DIRECTIONS FOR THIS TASK — Copy exactly the lines that run from the line containing "Some of the words" to the end of the material below, both ends included.
________________________
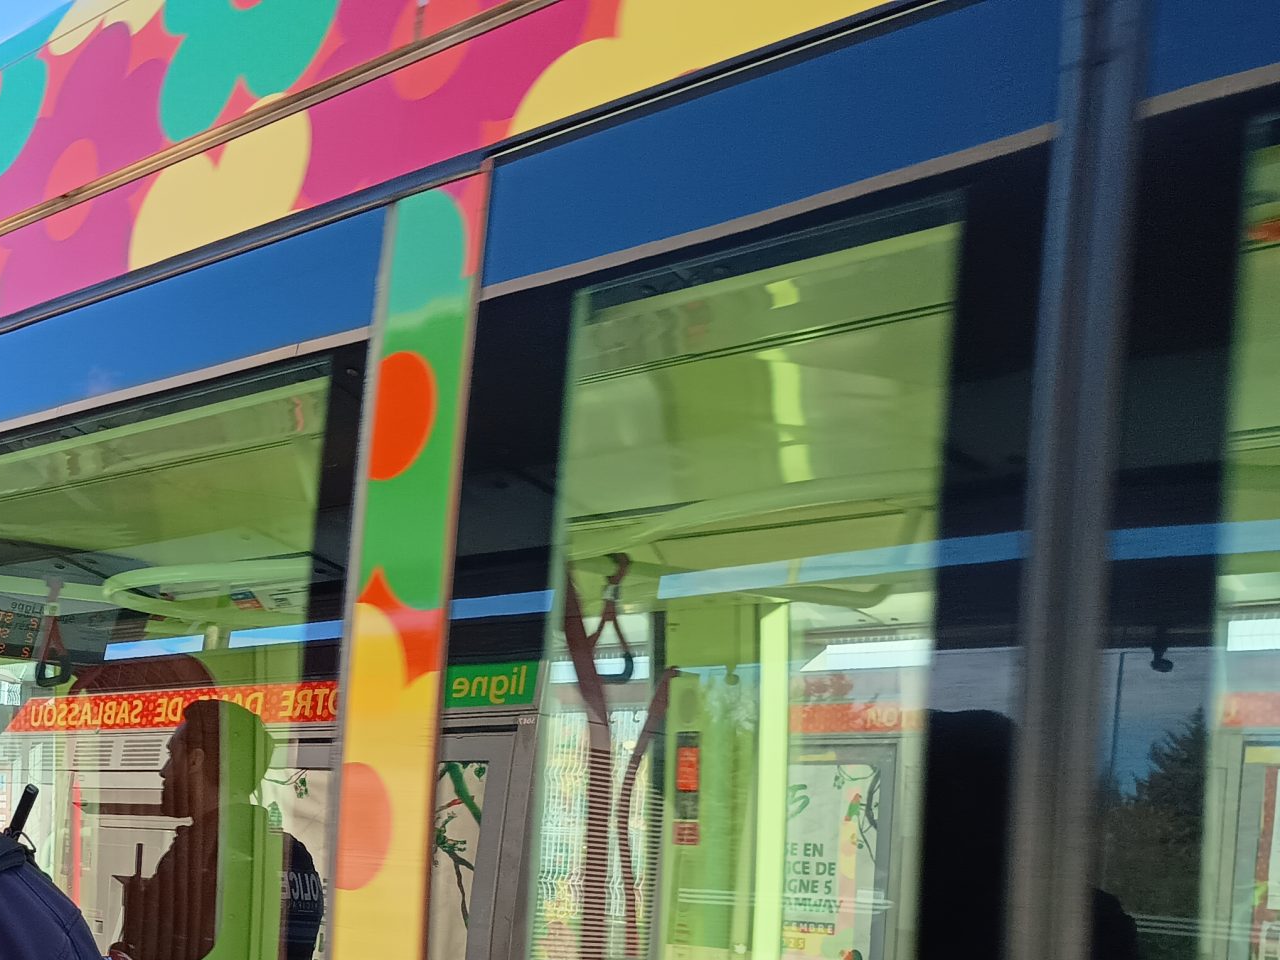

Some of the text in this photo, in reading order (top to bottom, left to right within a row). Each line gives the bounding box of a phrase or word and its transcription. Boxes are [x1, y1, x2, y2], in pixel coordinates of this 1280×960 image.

[803, 843, 823, 857] EN
[816, 862, 836, 876] DE
[824, 880, 832, 895] 5
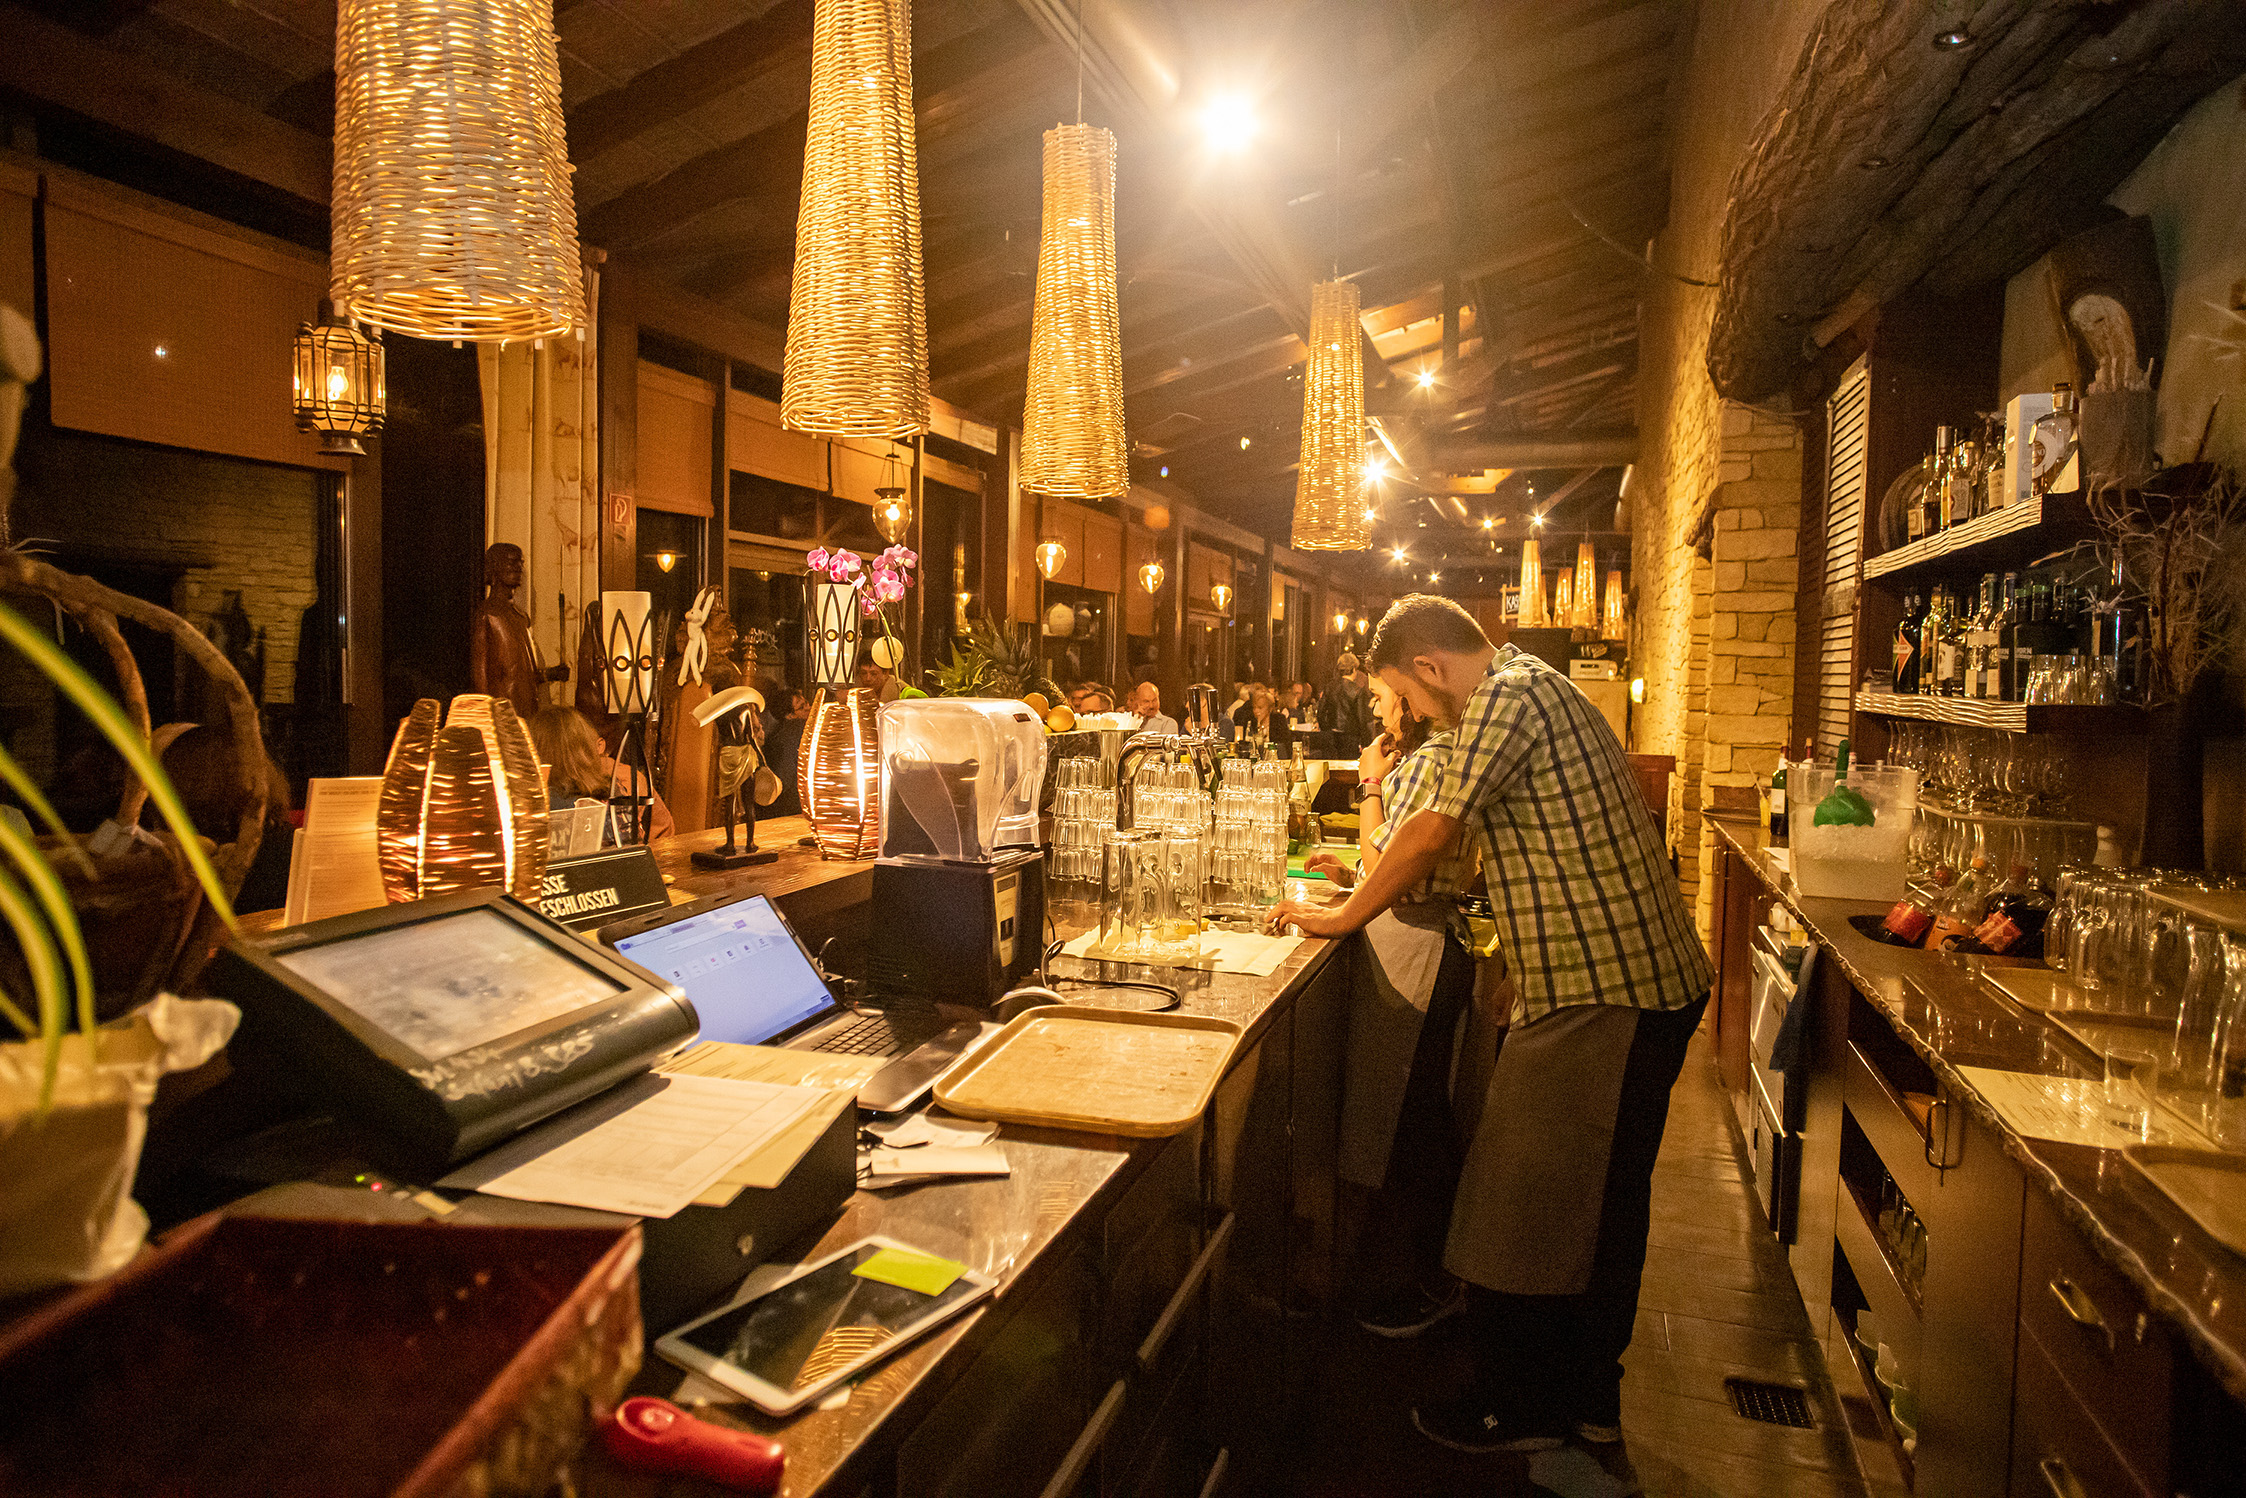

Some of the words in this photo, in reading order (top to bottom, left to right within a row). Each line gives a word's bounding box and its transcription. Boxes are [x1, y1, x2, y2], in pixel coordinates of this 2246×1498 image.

[1506, 594, 1519, 611] KAS
[541, 873, 570, 897] SSE
[540, 887, 620, 918] ESCHLOSSEN
________________________
TASK OUTPUT —
Some of the words in this photo, in reading order (top to bottom, left to right within a row). Each line gives a word's bounding box and its transcription. Boxes are [x1, y1, x2, y2], in pixel coordinates of this 2246×1498 image.

[1506, 594, 1519, 611] KAS
[541, 873, 570, 897] SSE
[540, 887, 620, 918] ESCHLOSSEN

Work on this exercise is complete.